The Science of Discworld Revised Edition
Page 29
‘Progress is being made,’ said Ponder.
‘Big amphibians?’ sneered the Senior Wrangler. ‘And things were going so well in the sea. Remember those jellyfish that made nets? And the crabs even had a flourishing land civilization! They had practically got a culture!’
‘They ate captured enemies alive,’ said the Lecturer in Recent Runes, patiently.
‘Well … yes. But with a certain amount of etiquette, at least,’ the Senior Wrangler admitted. ‘And in front of their sand statue of the Great Big Crab. They were obviously attempting to control their world. And what good did it do them? A million tons of white hot ice smack between the eyestalks. It’s so upsetting.’
‘Perhaps they should have eaten more enemies,’ said the Dean.
‘Perhaps sooner or later the planet will get the message,’ said Ridcully.
‘Time for the giant whelks, perhaps?’ said the Lecturer in Recent Runes, hopefully.
‘Big newts is what we’ve got right now,’ said Ridcully. He glanced at the Dean and Senior Wrangler. Ridcully hadn’t maintained his position atop the boiling heap of UU wizardry without a little political savvy. ‘And newts, gentlemen, might be the way to go. Amphibians? At home in the water and on land? The best of both worlds, I fancy.’

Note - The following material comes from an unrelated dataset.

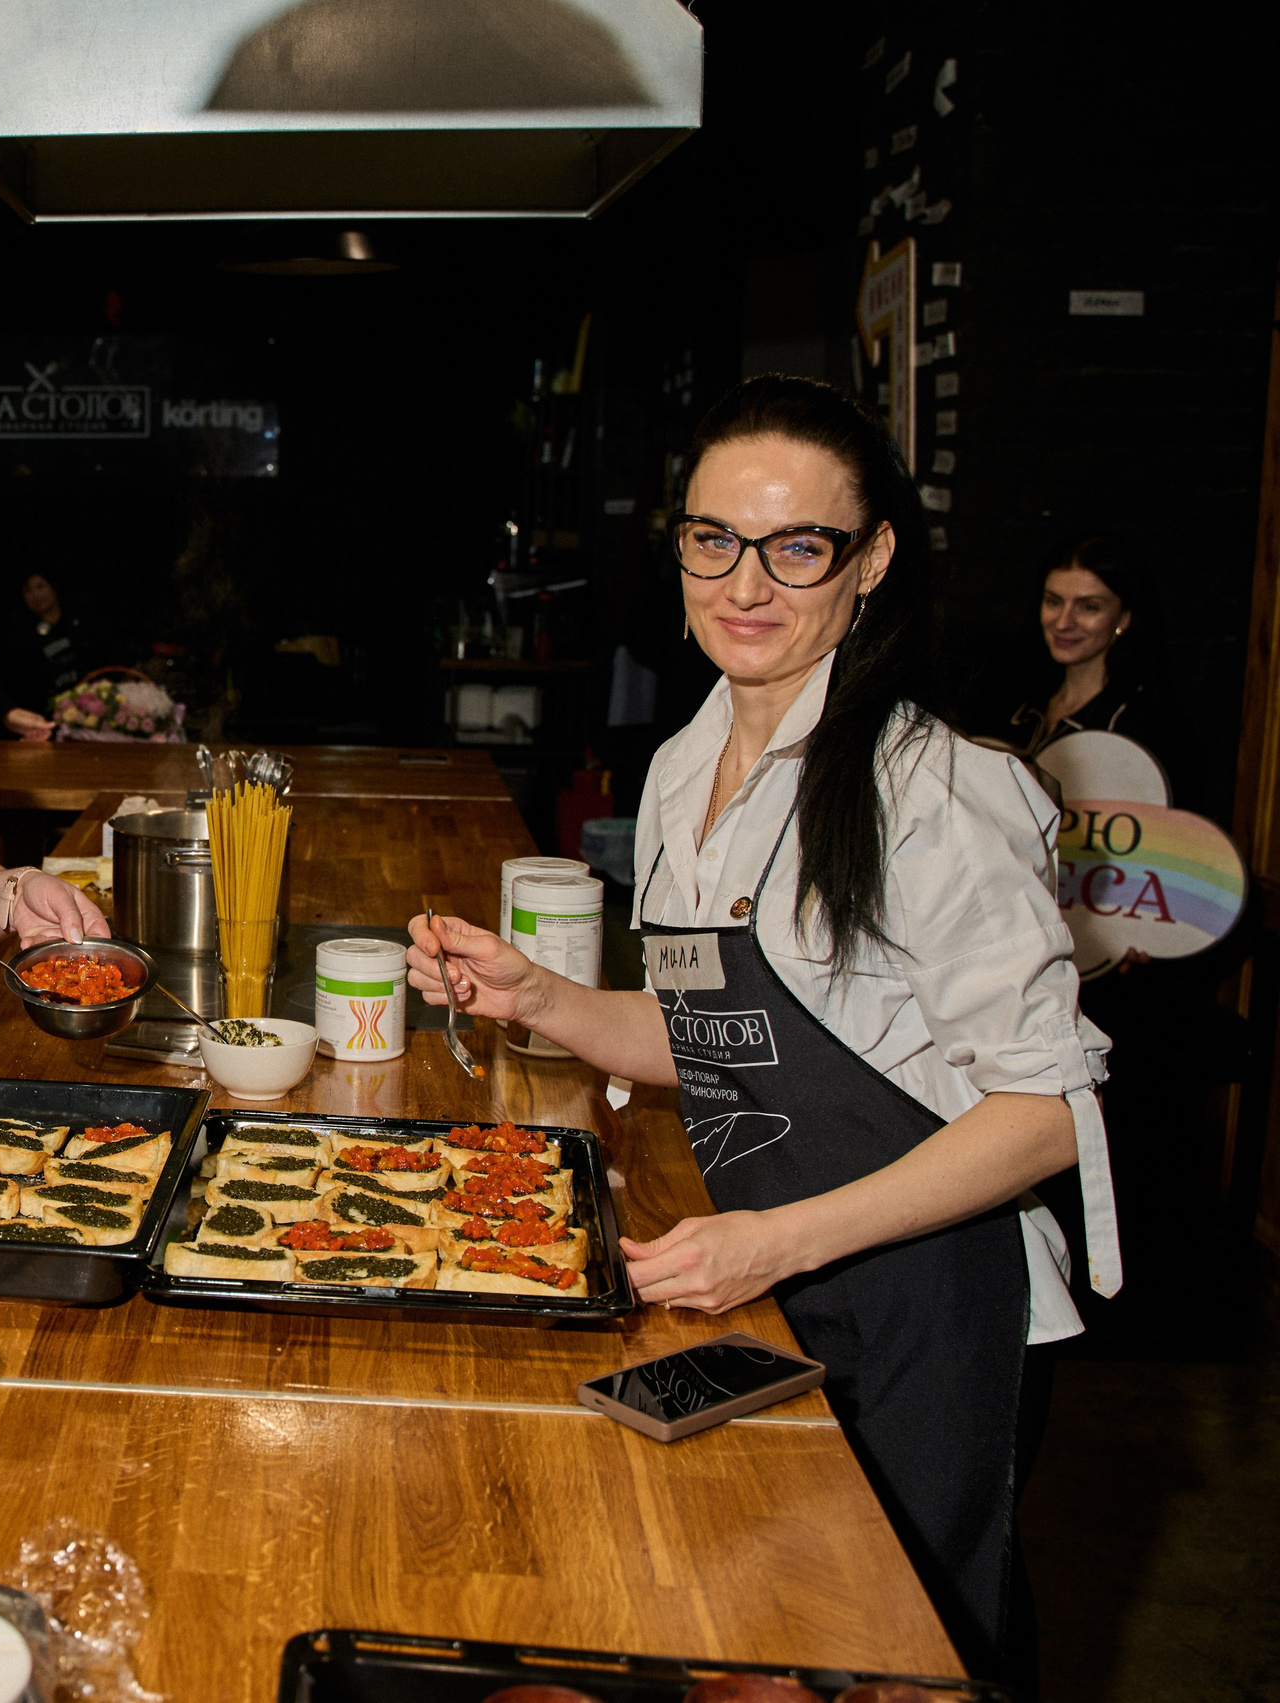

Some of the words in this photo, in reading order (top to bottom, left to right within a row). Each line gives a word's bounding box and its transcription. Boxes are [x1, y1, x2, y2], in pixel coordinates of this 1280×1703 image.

The two wizards exchanged sheepish glances.
‘Well … I suppose …’ said the Senior Wrangler.
‘Could be,’ the Dean said grudgingly. ‘Could be.’
‘There we are then,’ said Ridcully happily. ‘The future is newt.’
THIRTY-FOUR
NINE TIMES OUT OF TEN
THERE’S NO NARRATIVIUM on this world.’
Let’s take a step away from the unfolding ancestral tale of The Fish That Came Out From The Sea and look at a more philosophical issue. The wizards are puzzled. On Discworld, things happen because narrative imperative makes them happen. There is no choice about ends, only about means. The Lecturer in Recent Runes is trying to make a sustainable lifeform happen. He thinks that the obstacle to sustainability is the fragility of life – so the only way he can see to achieve this is the two-mile limpet, proof against everything the sky can drop on it.
It never occurs to him that lifeforms might achieve sustainability by other, less direct methods, despite the evidence of his eyes that suggests that a dogged tenacity appears to allow life to arise in the most inhospitable environment, effectively re-creating itself over and over again. The wizards are torn between evidence that a planet is the last place you’d choose to create life, and evidence that life doesn’t agree.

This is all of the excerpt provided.